Professor Lee Quinby – Spring 2012

Deconstructing “The Norm”


Deconstructing “The Norm”

So sorry for the late post!! Finals time is starting to take over!

I am absolutely loving Middlesex. I think it’s amazing that Eugenides is able to take such a powerful taboo right from the very beginning and make us (well at least me) root for the characters involved. Lefty and Desdemona’s relationship has all the qualities of a traditional romance, except for the fact that they just happen to be brother and sister. In Books 1 and 2, my favorite section of the text is when the two are on board the Giulia and deconstruct their identities internally in order to construct a socially acceptable relationship just in time for their arrival in America.

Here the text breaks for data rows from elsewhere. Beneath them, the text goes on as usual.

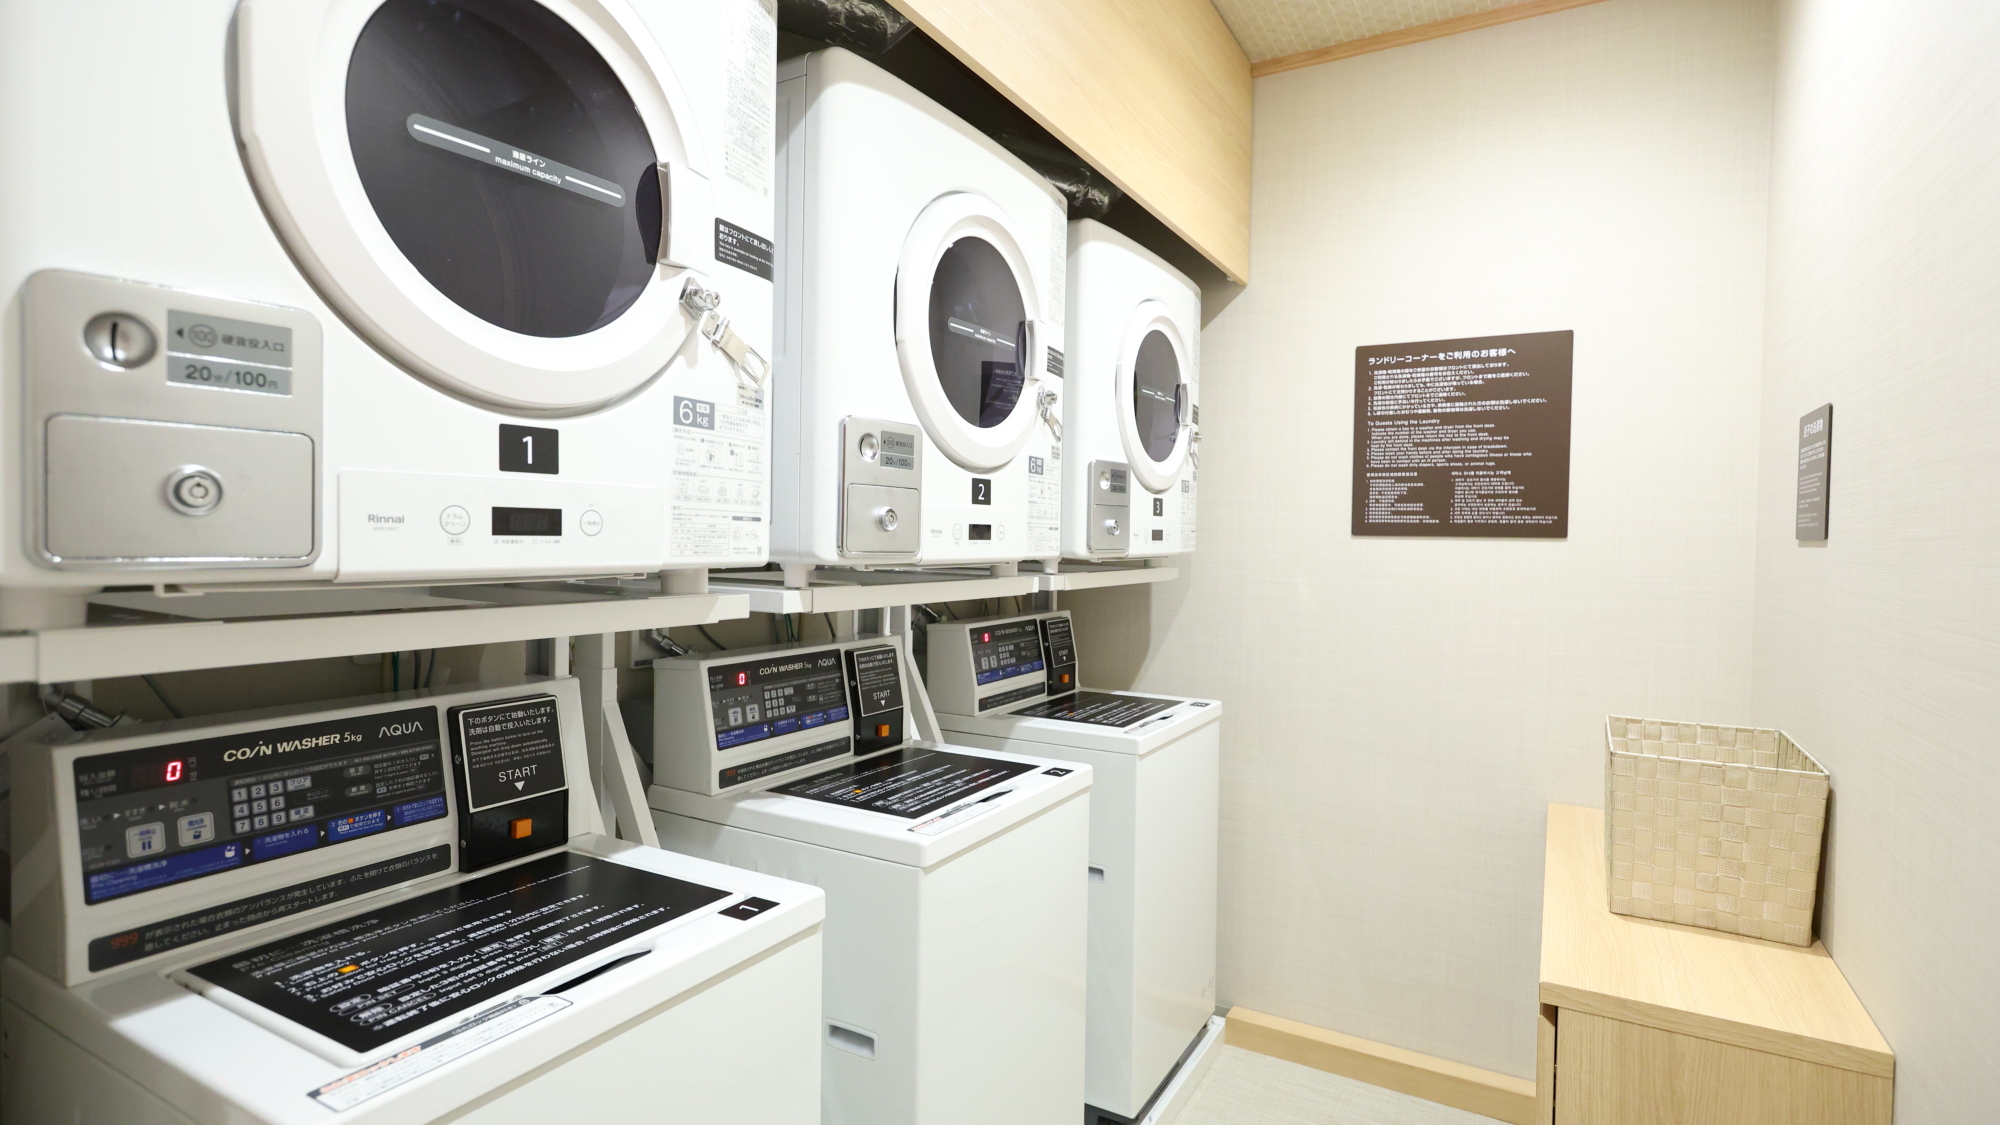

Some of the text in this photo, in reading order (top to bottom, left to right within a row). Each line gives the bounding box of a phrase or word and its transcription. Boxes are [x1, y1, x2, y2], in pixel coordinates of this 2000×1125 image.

[495, 156, 562, 185] maximum capacity
[222, 334, 284, 352] 硬貨投入口
[1368, 348, 1516, 365] ランドリーコーナーをご利用のお客様へ
[678, 400, 694, 426] 6
[696, 413, 709, 428] kg
[521, 435, 534, 465] 1
[1030, 458, 1037, 473] 6
[978, 483, 985, 500] 2
[1156, 502, 1160, 514] 3
[367, 514, 405, 524] Rinnai
[778, 662, 803, 672] WASHER
[818, 658, 836, 666] AQUA
[738, 673, 746, 685] 0
[873, 690, 890, 700] START
[467, 706, 554, 725] 下のボタンにて始動いたします。
[379, 722, 423, 738] AQUA
[469, 716, 550, 736] 洗剤は自動で投入いたします。
[277, 734, 340, 753] WASHER
[343, 732, 362, 742] 5kg
[166, 762, 182, 781] 0
[498, 764, 537, 782] START
[291, 777, 308, 785] クリア
[355, 812, 381, 822] ボタンを押す
[265, 828, 309, 843] 洗濯物を入れる
[110, 932, 138, 949] 999

Eugenides does an excellent job of pulling the reader into how passionate and deeply affectionate the relationship between Lefty and Desdemona is. I think the appearance of the incest taboo was more easily digestible for me because there wasn’t a victim as a result of it. Unlike in Lolita, the taboo is simply an obstacle in the way of a truly remarkable love story. I wouldn’t be such a fan of the brother-sister relationship if, for example, Lefty had manipulated or abused Desdemona into submission. In fact, Eugenides makes it a point to tell us that both individuals struggle immensely with their emotional and physical attractions to one another.

I think it’s important to note that no one can tell Lefty and Desdemona are brother and sister. While their guilt makes them feel as though everyone knows their secret immediately upon looking at them, the reality of the situation is that the outside world perceives them as strangers who fall in love aboard a ship to America. The people aboard the Giulia are so unaware of the siblings’ relationship that they go so far as to criticize Desdemona as too low of birth to marry such a high class man as Lefty (72).

The freedom available in their new identities isn’t as liberating as one might immediately assume. In fact, their awareness of their participation in the performativity that Foucault suggests we all participate in, seems to weigh on each, more heavily it seems on Desdemona, as a betrayal of “true” self. Lefty seems more willing to abandon his past identity in order to stay with Desdemona and, I think, in order to escape some of his internal conflict about his feelings.

I love the way their performance aboard ship is described because it speaks a lot to the notions Foucault has about subjectivity and identity formation. There is no set “self” but rather a moldable and constantly performing notion of self that allows for incredible agency in one’s own life and in terms of fluidity within the power structures of society. A passage that I liked in particular discusses the way that the “truth” really comes to be:

“He wrapped a ratty blanket over his shoulders like an opera cape. Aware that whatever happened now would  become the truth, that whatever her seemed to be would become what he was–already an American, in other words–he waited for Desdemona to come up on deck” (73).

Lefty’s blanket being described as an “opera cape” alludes to the performative nature of identity formation. The fact that the agency in identity formation or in truth formation is something inherently American, speaks to the Western notion of the “self” that is much more in favor of the individual existing independent of all other elements of environment (heritage, tradition, etc.). Eugenides is spot-on with just this breif statement, saying so much about the ways in which we develop identities in order to serve a certain purpose, but then, in some way or another, they become the “truth” of who we are.

It is important to note that Lefty and Desdemona use what seems on the surface as incredible agency and freedom to choose an identity as a way of dissociating from their guilt about their “unnatural” relationship. The purpose of their performance is revealed here: ” They passed the voyage playing out this imaginary flirtation and, little by little, they began to believe it. They fabricated memories, improvised fate. (Why did they do it? Why did they go to all that trouble? Couldn’t they have said they were already engaged? Or that their marriage had been arranged years earlier? Yes, of course they could have. But it wasn’t the other travelers they were trying to fool; it was themselves)” (73).

It is evident that Middlesex is tackling a much larger issue than just portraying the drama of one family. This novel is tackling the ways in which taboos are assumed to be non-normative, which insists that a “true” norm exists. I’m interested to see the ways in which the novel continues to toy with and break down concepts of “the norm” as this beautifully written and intensely gripping story continues.